(Stored entries)
BEGIN

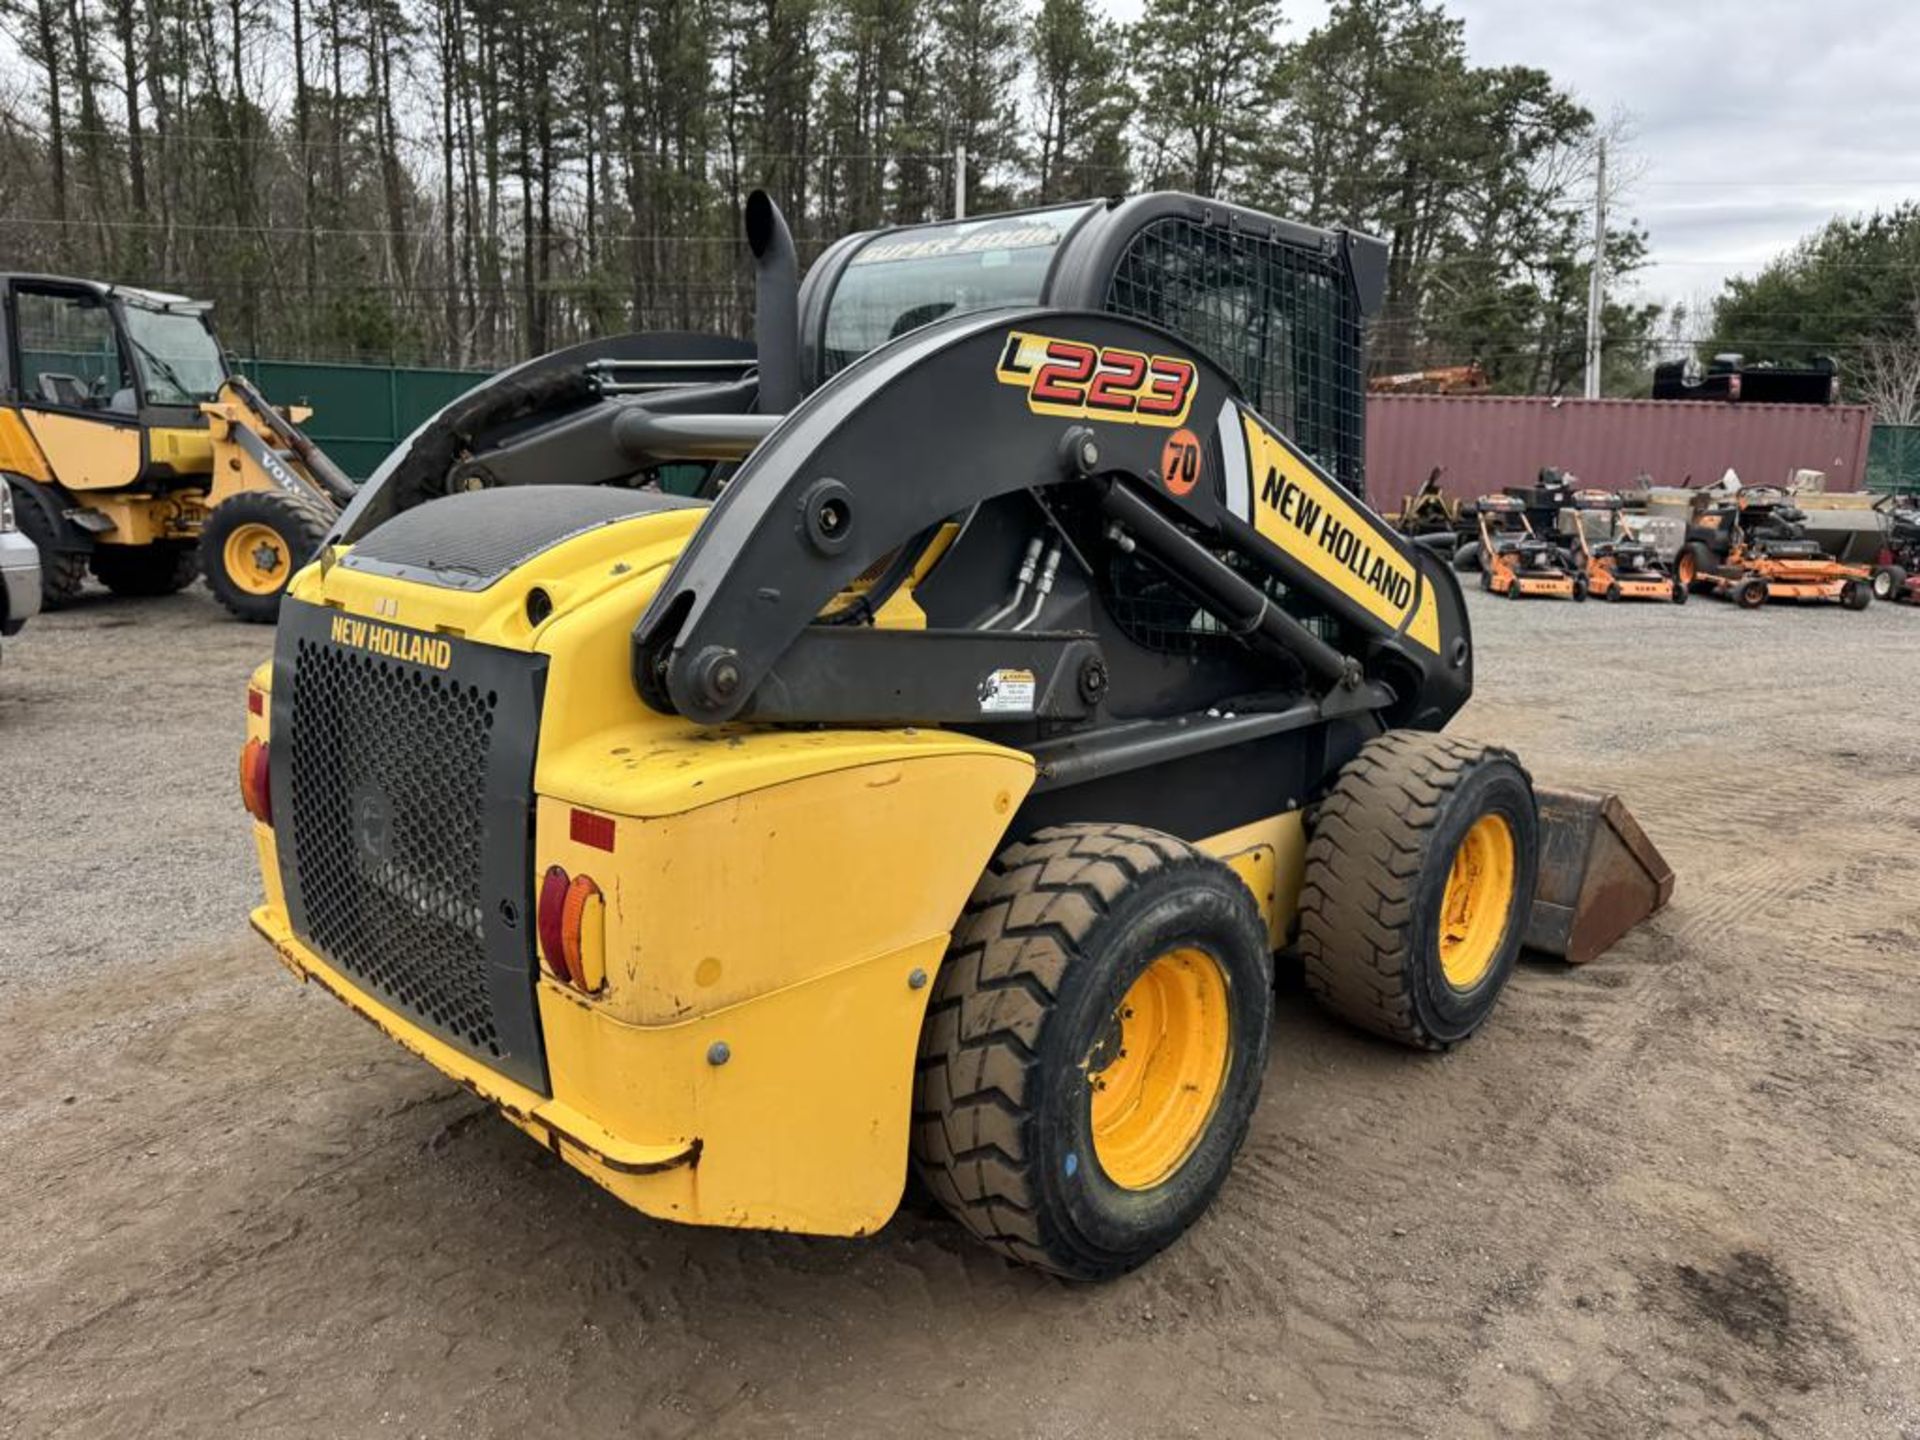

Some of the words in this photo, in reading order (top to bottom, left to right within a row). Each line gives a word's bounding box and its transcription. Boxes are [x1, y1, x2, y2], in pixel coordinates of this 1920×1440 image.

[1001, 337, 1194, 417] L223
[1166, 442, 1198, 483] 70
[1260, 465, 1322, 537] NEW
[1318, 514, 1412, 610] HOLLAND
[330, 615, 367, 649] NEW
[368, 625, 452, 671] HOLLAND
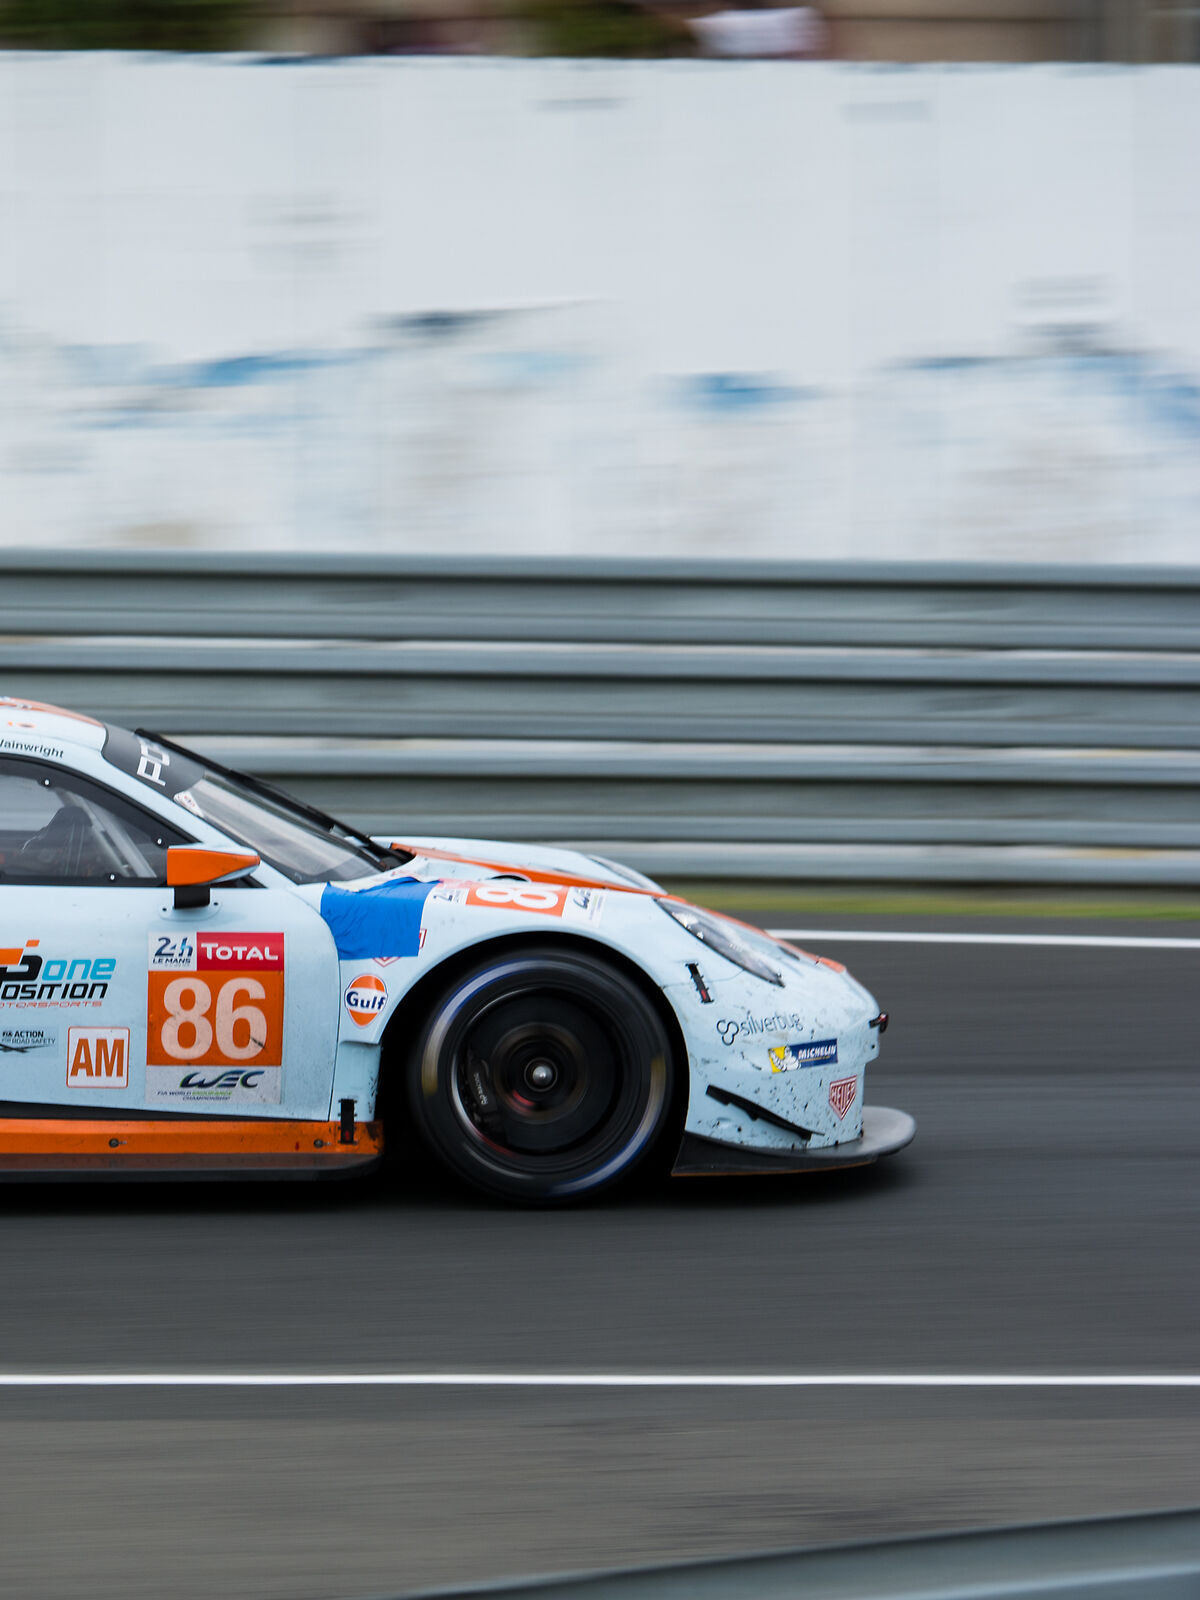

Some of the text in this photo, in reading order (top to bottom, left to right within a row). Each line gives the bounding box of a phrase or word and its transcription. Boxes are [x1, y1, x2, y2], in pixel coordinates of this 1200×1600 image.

[201, 943, 279, 961] TOTAL
[346, 990, 386, 1011] Gulf
[161, 977, 267, 1060] 86
[740, 1011, 804, 1036] silverbug
[70, 1038, 124, 1077] AM
[798, 1044, 837, 1060] MICHELIN
[180, 1069, 265, 1088] WEC

END

§ **About this exercise**: Every line of the data above is to be repeated exactly; the images are to be left out.

§ **Response for this exercise**:
Some of the words in this photo, in reading order (top to bottom, left to right within a row). Each line gives a word's bounding box and its transcription. Boxes are [x1, y1, x2, y2], in pixel coordinates of this 1920×1440 image.

[1001, 337, 1194, 417] L223
[1166, 442, 1198, 483] 70
[1260, 465, 1322, 537] NEW
[1318, 514, 1412, 610] HOLLAND
[330, 615, 367, 649] NEW
[368, 625, 452, 671] HOLLAND

Some of the text in this photo, in reading order (top to bottom, left to right within a row). Each line gives the bounding box of a phrase or word and its transcription. Boxes are [x1, y1, x2, y2], in pixel coordinates of this 1200×1600 image.

[201, 943, 279, 961] TOTAL
[346, 990, 386, 1011] Gulf
[161, 977, 267, 1060] 86
[740, 1011, 804, 1036] silverbug
[70, 1038, 124, 1077] AM
[798, 1044, 837, 1060] MICHELIN
[180, 1069, 265, 1088] WEC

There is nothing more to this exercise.